Sample sequencing and genome size estimation

C. parvula (E: 91°59.7597′ N: 31°35.9755′) and C. kokanica (E: 91°10.5554′ N: 30°29.8873′) in anthesis stage were collected in July 2018 from Dangquka Village, Dangquka Town, Damxung County in the Tibet Autonomous Region of China. C. parvula and C. kokanica located at altitudes of up to 4600 m and 4275 m, respectively (Fig. 1). High-quality genomic DNA of C. parvula and C. kokanica was extracted from leaf tissue separately. Illumina’s Genomic DNA Sample Preparation kit was used for preparation of sequencing library. DNA library with insert sizes of 350 bp was sequenced on an Illumina HiSeq 2500 platform. 53.07 Gb and 55.31 Gb of short cleaned reads were generated for k-mer analysis and base correction, and their coverage were 137.59 × and 128.48 × of C. parvula and C. kokanica respectively (Supplemental Table S1, coverage were calculated based on genome size of haploid)⁷. The genome size was calculated based on k-mer (k = 17) statistics using the modified Lander–Waterman algorithm. As a result, the genome size of C. parvula was estimated to be 385.7 Mb (genome size of haploid) with 1.74% heterozygosity and a repeat sequence ratio of 47.97%, and C. kokanica was estimated to be 430.51 Mb (genome size of haploid) with 2.00% heterozygosity and a repeat sequence ratio of 47.84% (Supplemental Table S2, Supplemental Fig. S1). Meanwhile, we inferred that C. parvula is tetraploid and C. kokanica is triploid from k-mer analysis (Supplemental Fig. S1). Enriched large DNA fragments (> 10 kb) were sequenced on a PacBio Sequel system. 43.88 Gb and 44.25 Gb (113.77 × or 102.79 × coverage) of long sequencing reads were obtained after removing adaptors in polymerase reads of C. parvula and C. kokanica, with N50 length of 8219 bp and 15,090 bp respectively (Supplemental Table S1).

Assembly of C. parvula and C. kokanica genome

First, pre-assembly reads were obtained by self-correcting of PacBio long reads and assembled into contigs by FALCON (falcon-kit = 0.7) through the “Overlap-Layout-Consensus” algorithm⁸. Contigs were corrected using PacBio long reads with quiver (smrtlink_6). Then, one round of polishing were applied to the assembled contigs using Pilon-1.18⁹ with the Illumina short reads. To improve the assembly of C. parvula, contigs were linked into scaffold using 93.27G 10 × data using FragScaff (PBSuite_15.8.24). The preliminary genome assembly of C. parvula includes 5261 contigs with N50 = 468,079 bp and longest scaffold = 7,682,949 bp. The genome is approximately 783.49 M in length and the GC content of the genome is 35.41% (Table 1). The preliminary genome assembly of C. kokanica includes 1504 contigs with N50 = 1,179,729 bp and longest scaffold = 4,432,967 bp. The genome is approximately 673.40 M in length and the GC content of the genome is 34.68% (Table 1). Compared with the estimated genome size, 1.56 (C. kokanica)—2.03 (C. parvula) times of genome sequences were assembled.

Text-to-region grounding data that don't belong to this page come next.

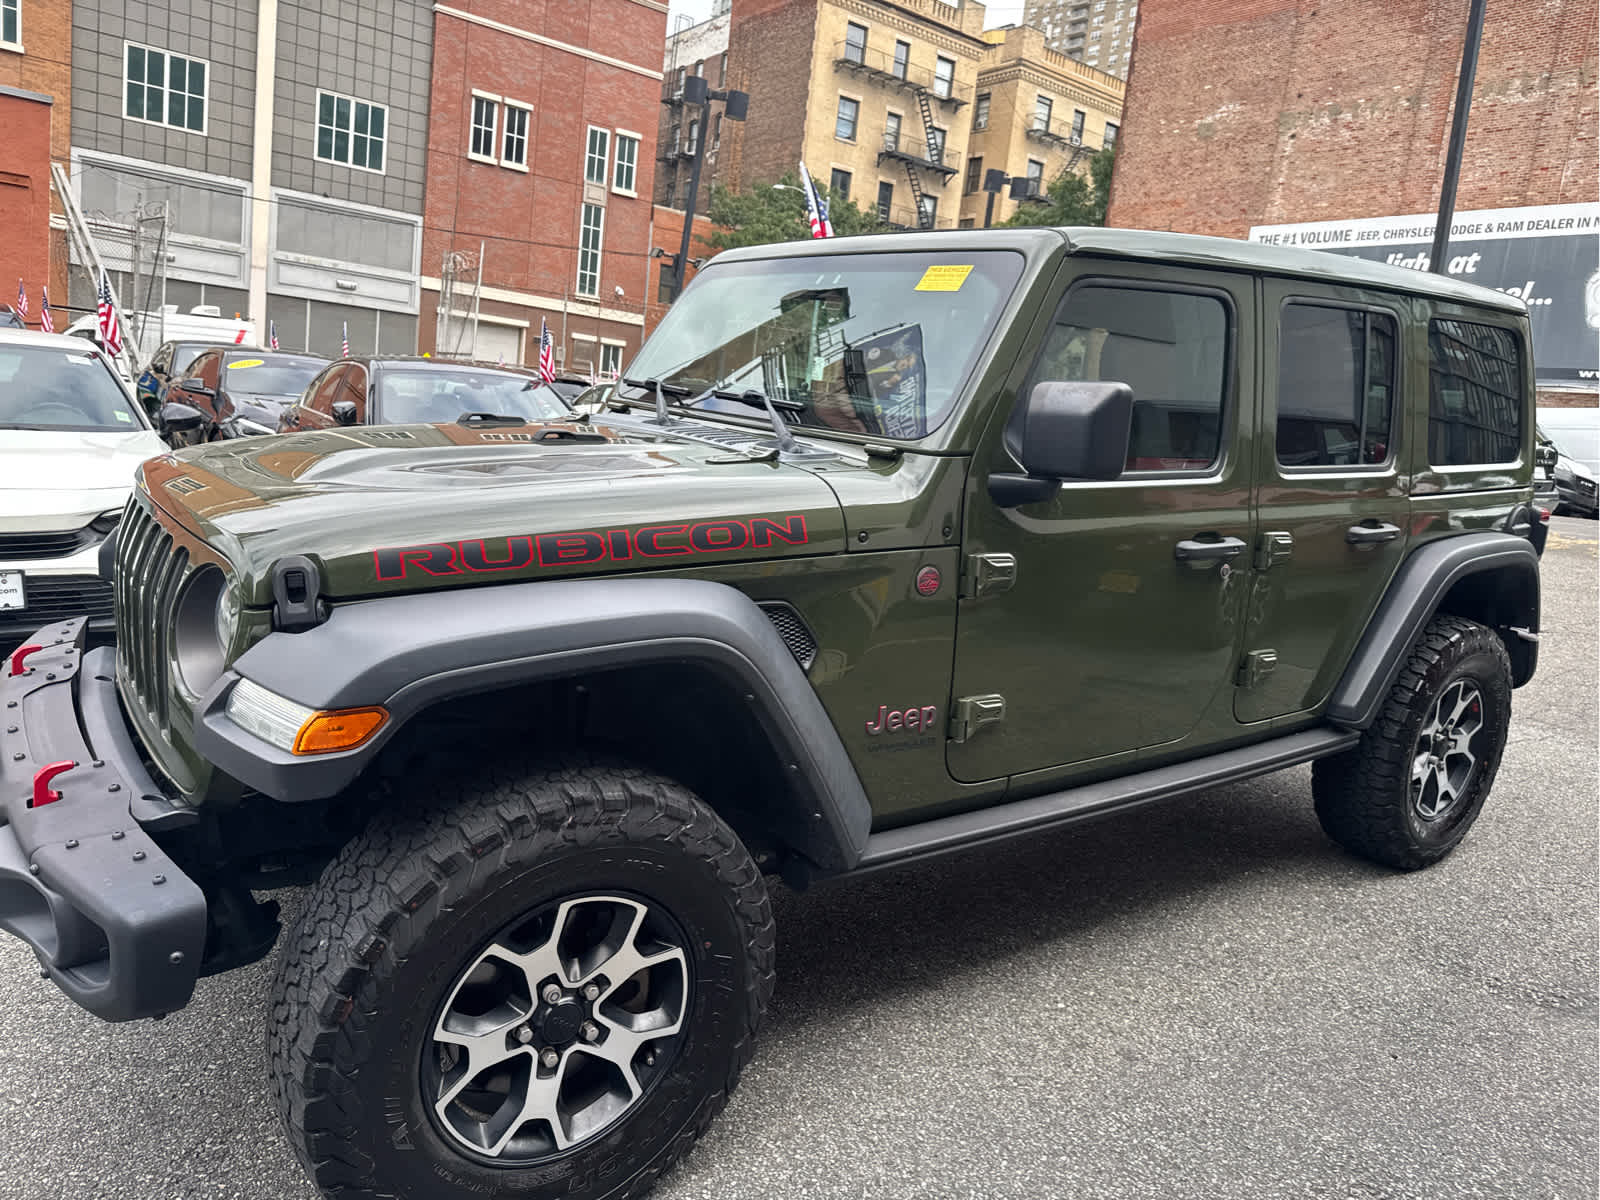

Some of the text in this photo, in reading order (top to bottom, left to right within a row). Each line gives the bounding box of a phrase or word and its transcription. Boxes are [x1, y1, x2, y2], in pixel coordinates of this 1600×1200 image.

[1259, 233, 1281, 246] THE
[1282, 232, 1297, 245] #1
[1301, 229, 1353, 244] VOLUME
[1450, 223, 1482, 236] ODGE
[1484, 223, 1494, 233] &
[1496, 220, 1524, 233] RAM
[1526, 218, 1575, 231] DEALER
[1576, 216, 1591, 228] IN
[1447, 252, 1481, 274] at
[374, 515, 809, 582] RUBICON
[865, 705, 937, 736] Jeep
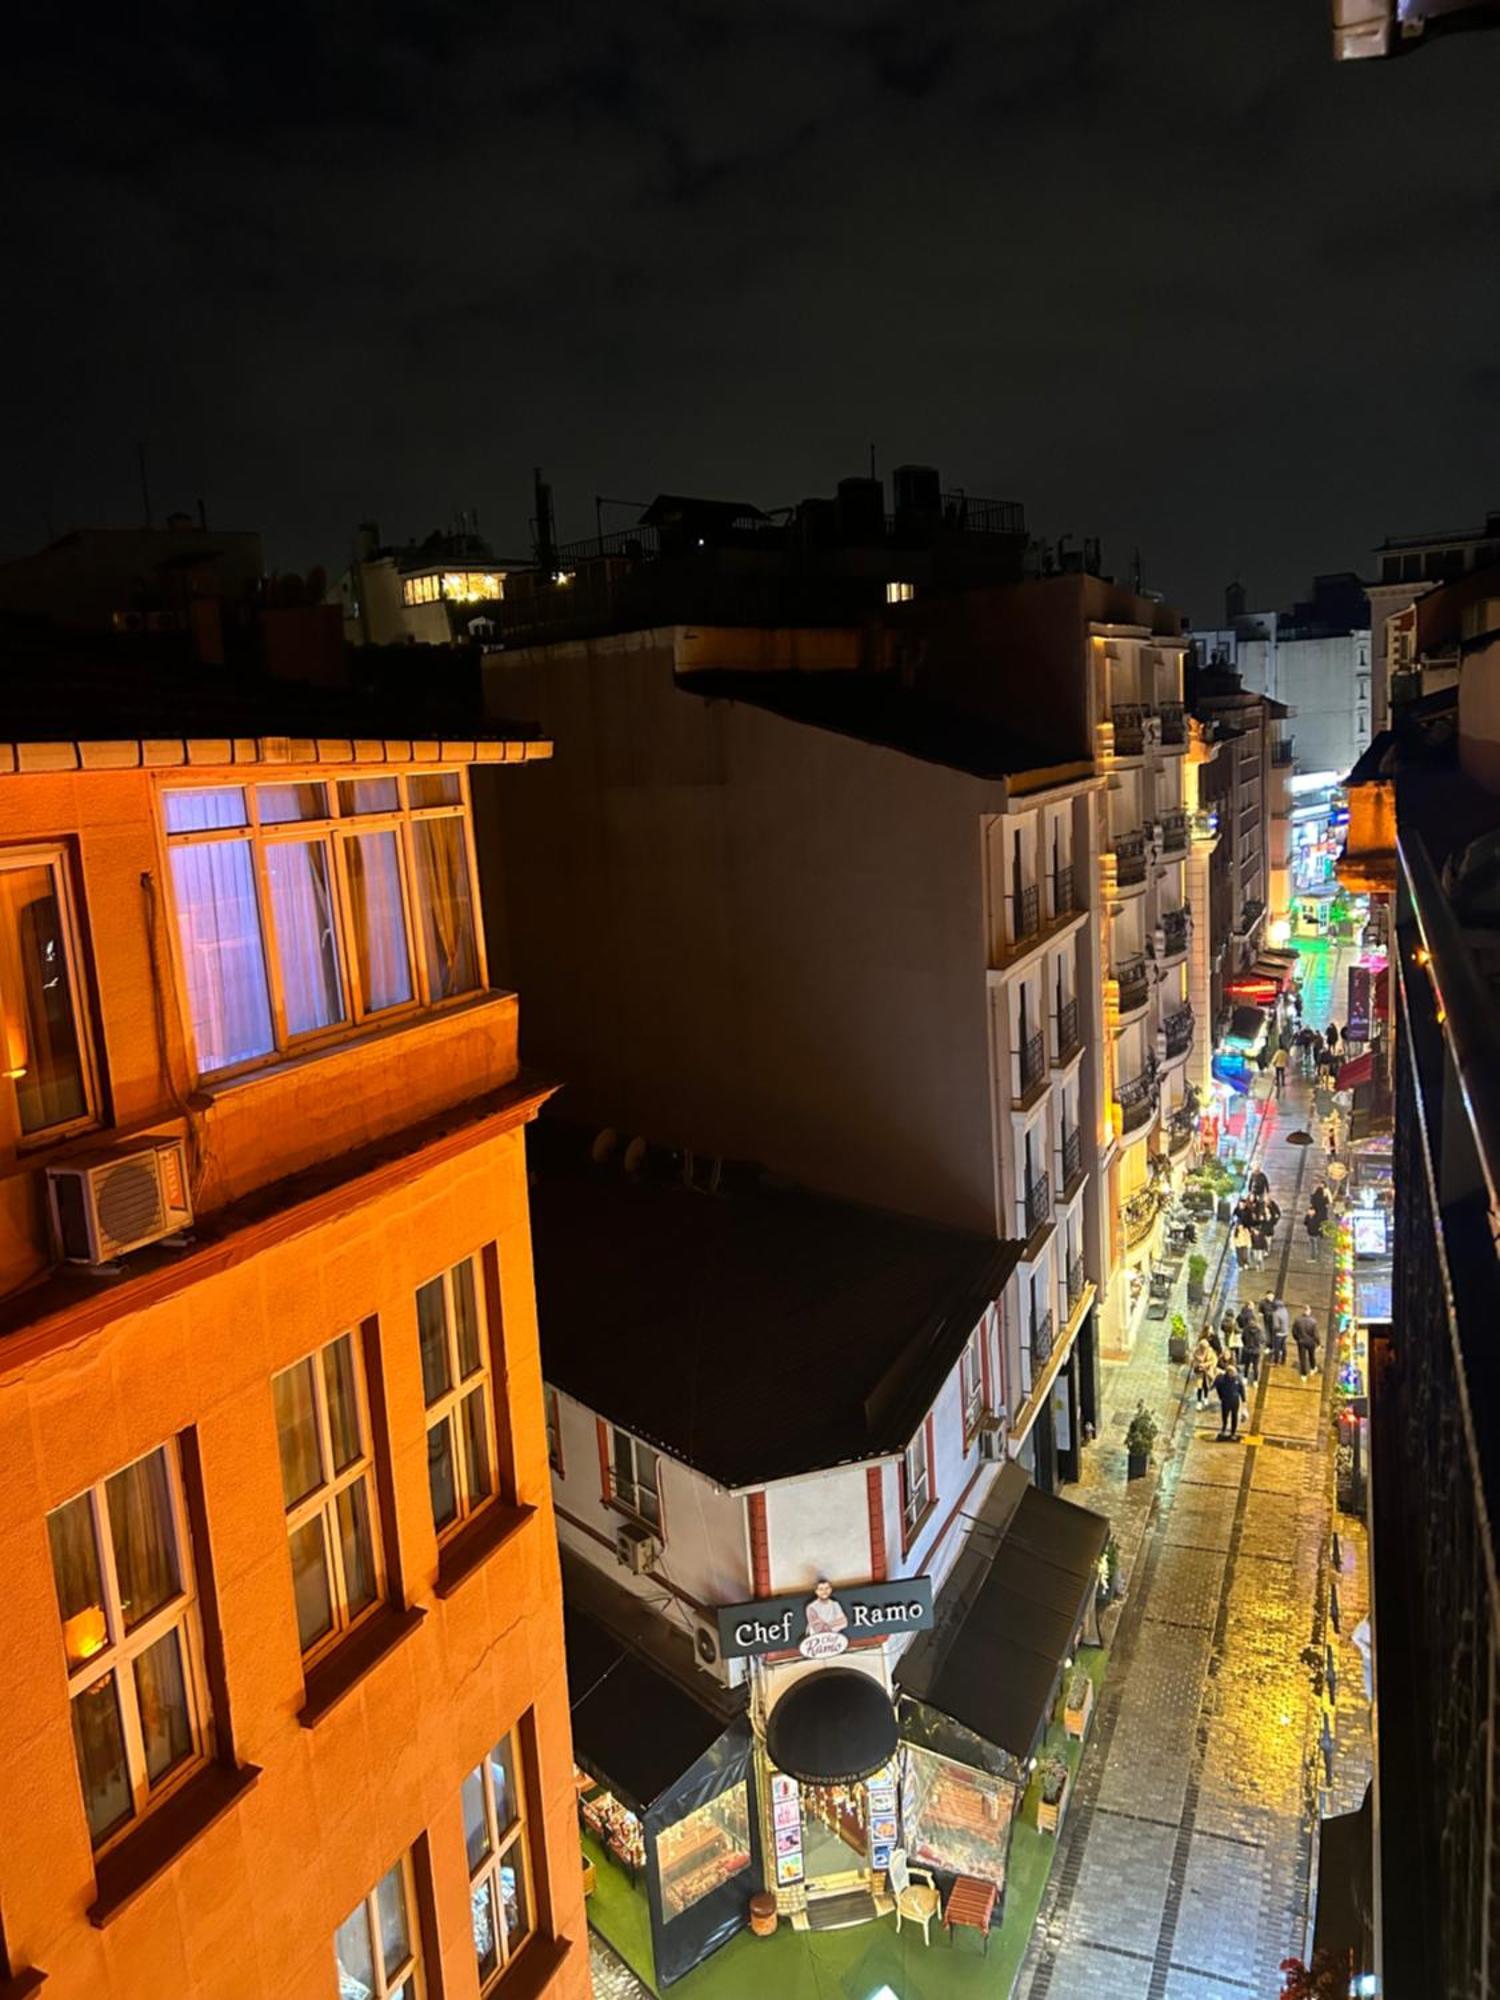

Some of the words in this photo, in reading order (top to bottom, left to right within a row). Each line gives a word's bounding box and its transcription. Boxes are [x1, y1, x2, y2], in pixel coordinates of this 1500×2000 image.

[735, 1612, 793, 1647] Chef
[852, 1602, 924, 1628] Ramo
[805, 1638, 842, 1656] Ramo
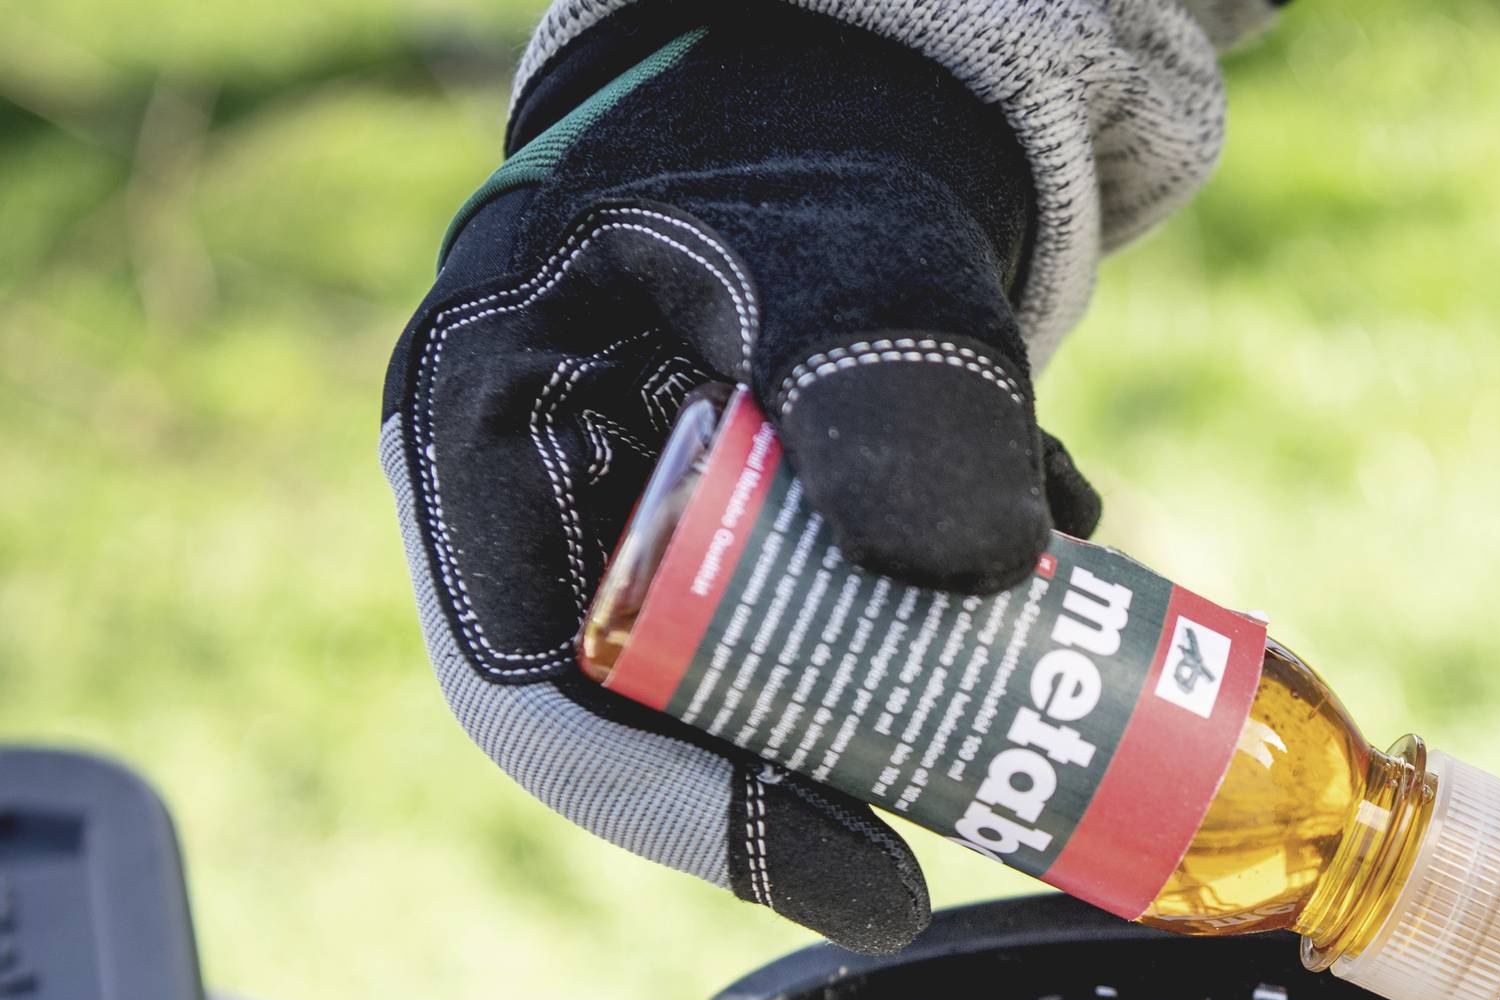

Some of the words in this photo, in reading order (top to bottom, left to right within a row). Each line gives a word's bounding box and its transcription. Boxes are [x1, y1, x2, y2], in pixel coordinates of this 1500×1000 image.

[721, 469, 758, 528] Metabo
[692, 529, 733, 596] Qualität
[822, 575, 859, 643] corrente
[849, 618, 873, 653] para
[811, 644, 831, 666] de
[960, 646, 988, 690] chain
[792, 666, 819, 702] serra
[822, 653, 857, 707] cadenas
[852, 689, 872, 715] per
[886, 687, 910, 713] 100
[955, 566, 1133, 863] metab
[814, 707, 832, 724] de
[874, 712, 893, 735] ml
[921, 692, 971, 768] lubrication
[890, 743, 913, 765] bio
[958, 735, 982, 761] 100
[911, 768, 928, 786] oil
[947, 760, 966, 781] ml

Table 1 Statistics of assembled Carex parvula and Carex kokanica assembly and annotation.

Full size table

Repeat annotation of C. parvula and C. kokanica genome

We used LTR Finder¹⁰, RepeatScout (http://www.repeatmasker.org/) and RepeatModeler to identify ab initio repeat sequence library. Then RepeatMasker was used to predict repeat sequences of the genome through similarity searching of repetitive elements released by Repbase¹¹ and our ab initio identified repeat sequence library. We also predicted repetitive elements by RepeatProteinMask and tandem repetitive sequences by TRF¹². For C. parvula, a total of ~ 411.08 M repetitive elements including ~ 38.08 M tandem repetitive sequences and 403.71 M TE were identified, which was 52.46% of the genome (Supplemental Table S3). Among them, DNA transposons accounted for 18.60% of the genome. Retrotransposon including long terminal repeat (LTR), long interspersed nuclear elements (LINE) and short interspersed nuclear elements (SINE) accounted for 25.47%, 5.34% and 0.10% of the genome, respectively (Supplemental Table S4). For C. kokanica, we identified a total of ~ 373.54 M repetitive elements including ~ 37.11 M tandem repetitive sequences and 367.85 M TE, which was 55.47% of the genome (Supplemental Table S3). Among them, DNA transposons accounted for 26.06% of the genome. Retrotransposon including long terminal repeat (LTR), long interspersed nuclear elements (LINE) and short interspersed nuclear elements (SINE) accounted for 23.84%, 6.77% and 0.03% of the genome, respectively (Supplemental Table S4).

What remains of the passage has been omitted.